■ **ACTIVITY**:
Word for word, reproduce every record in the listing below.

■ **DATA PROVIDED**:
-- Opening Marker --
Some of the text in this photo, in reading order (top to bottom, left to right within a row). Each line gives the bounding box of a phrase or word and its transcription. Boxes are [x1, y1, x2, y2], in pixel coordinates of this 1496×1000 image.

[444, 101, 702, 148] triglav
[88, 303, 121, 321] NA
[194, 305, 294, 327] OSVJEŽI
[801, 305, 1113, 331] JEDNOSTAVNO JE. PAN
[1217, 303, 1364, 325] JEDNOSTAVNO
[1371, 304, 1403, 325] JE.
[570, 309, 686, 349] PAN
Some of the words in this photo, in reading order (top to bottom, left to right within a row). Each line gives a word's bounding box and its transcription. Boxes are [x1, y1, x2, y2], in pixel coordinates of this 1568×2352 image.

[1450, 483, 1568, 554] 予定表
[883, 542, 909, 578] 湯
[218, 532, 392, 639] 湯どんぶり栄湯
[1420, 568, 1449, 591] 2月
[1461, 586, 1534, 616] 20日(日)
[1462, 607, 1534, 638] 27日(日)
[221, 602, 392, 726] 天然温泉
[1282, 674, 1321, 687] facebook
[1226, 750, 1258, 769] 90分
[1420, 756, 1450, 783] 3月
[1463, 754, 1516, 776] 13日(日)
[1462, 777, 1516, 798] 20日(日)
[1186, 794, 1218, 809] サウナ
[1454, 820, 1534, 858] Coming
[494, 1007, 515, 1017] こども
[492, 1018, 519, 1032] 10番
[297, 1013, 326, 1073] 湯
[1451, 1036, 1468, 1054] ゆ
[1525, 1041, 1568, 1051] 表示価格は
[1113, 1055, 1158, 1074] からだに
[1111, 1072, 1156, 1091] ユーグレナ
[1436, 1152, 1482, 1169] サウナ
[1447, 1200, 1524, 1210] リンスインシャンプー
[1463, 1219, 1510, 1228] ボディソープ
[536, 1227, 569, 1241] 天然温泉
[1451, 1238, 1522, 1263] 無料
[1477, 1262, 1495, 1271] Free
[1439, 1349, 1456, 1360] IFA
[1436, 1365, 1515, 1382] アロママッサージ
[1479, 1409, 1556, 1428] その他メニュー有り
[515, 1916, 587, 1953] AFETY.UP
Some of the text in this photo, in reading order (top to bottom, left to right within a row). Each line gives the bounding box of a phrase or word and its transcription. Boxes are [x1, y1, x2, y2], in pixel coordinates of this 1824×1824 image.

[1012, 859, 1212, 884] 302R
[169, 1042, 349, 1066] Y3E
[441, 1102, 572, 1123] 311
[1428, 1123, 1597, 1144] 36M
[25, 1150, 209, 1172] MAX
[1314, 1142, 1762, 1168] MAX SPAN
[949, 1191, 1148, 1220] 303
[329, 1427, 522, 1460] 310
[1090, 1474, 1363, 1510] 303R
-- Closing Marker --
■ **WRITTEN ANSWER**:
Some of the text in this photo, in reading order (top to bottom, left to right within a row). Each line gives the bounding box of a phrase or word and its transcription. Boxes are [x1, y1, x2, y2], in pixel coordinates of this 1496×1000 image.

[444, 101, 702, 148] triglav
[88, 303, 121, 321] NA
[194, 305, 294, 327] OSVJEŽI
[801, 305, 1113, 331] JEDNOSTAVNO JE. PAN
[1217, 303, 1364, 325] JEDNOSTAVNO
[1371, 304, 1403, 325] JE.
[570, 309, 686, 349] PAN
Some of the words in this photo, in reading order (top to bottom, left to right within a row). Each line gives a word's bounding box and its transcription. Boxes are [x1, y1, x2, y2], in pixel coordinates of this 1568×2352 image.

[1450, 483, 1568, 554] 予定表
[883, 542, 909, 578] 湯
[218, 532, 392, 639] 湯どんぶり栄湯
[1420, 568, 1449, 591] 2月
[1461, 586, 1534, 616] 20日(日)
[1462, 607, 1534, 638] 27日(日)
[221, 602, 392, 726] 天然温泉
[1282, 674, 1321, 687] facebook
[1226, 750, 1258, 769] 90分
[1420, 756, 1450, 783] 3月
[1463, 754, 1516, 776] 13日(日)
[1462, 777, 1516, 798] 20日(日)
[1186, 794, 1218, 809] サウナ
[1454, 820, 1534, 858] Coming
[494, 1007, 515, 1017] こども
[492, 1018, 519, 1032] 10番
[297, 1013, 326, 1073] 湯
[1451, 1036, 1468, 1054] ゆ
[1525, 1041, 1568, 1051] 表示価格は
[1113, 1055, 1158, 1074] からだに
[1111, 1072, 1156, 1091] ユーグレナ
[1436, 1152, 1482, 1169] サウナ
[1447, 1200, 1524, 1210] リンスインシャンプー
[1463, 1219, 1510, 1228] ボディソープ
[536, 1227, 569, 1241] 天然温泉
[1451, 1238, 1522, 1263] 無料
[1477, 1262, 1495, 1271] Free
[1439, 1349, 1456, 1360] IFA
[1436, 1365, 1515, 1382] アロママッサージ
[1479, 1409, 1556, 1428] その他メニュー有り
[515, 1916, 587, 1953] AFETY.UP
Some of the text in this photo, in reading order (top to bottom, left to right within a row). Each line gives the bounding box of a phrase or word and its transcription. Boxes are [x1, y1, x2, y2], in pixel coordinates of this 1824×1824 image.

[1012, 859, 1212, 884] 302R
[169, 1042, 349, 1066] Y3E
[441, 1102, 572, 1123] 311
[1428, 1123, 1597, 1144] 36M
[25, 1150, 209, 1172] MAX
[1314, 1142, 1762, 1168] MAX SPAN
[949, 1191, 1148, 1220] 303
[329, 1427, 522, 1460] 310
[1090, 1474, 1363, 1510] 303R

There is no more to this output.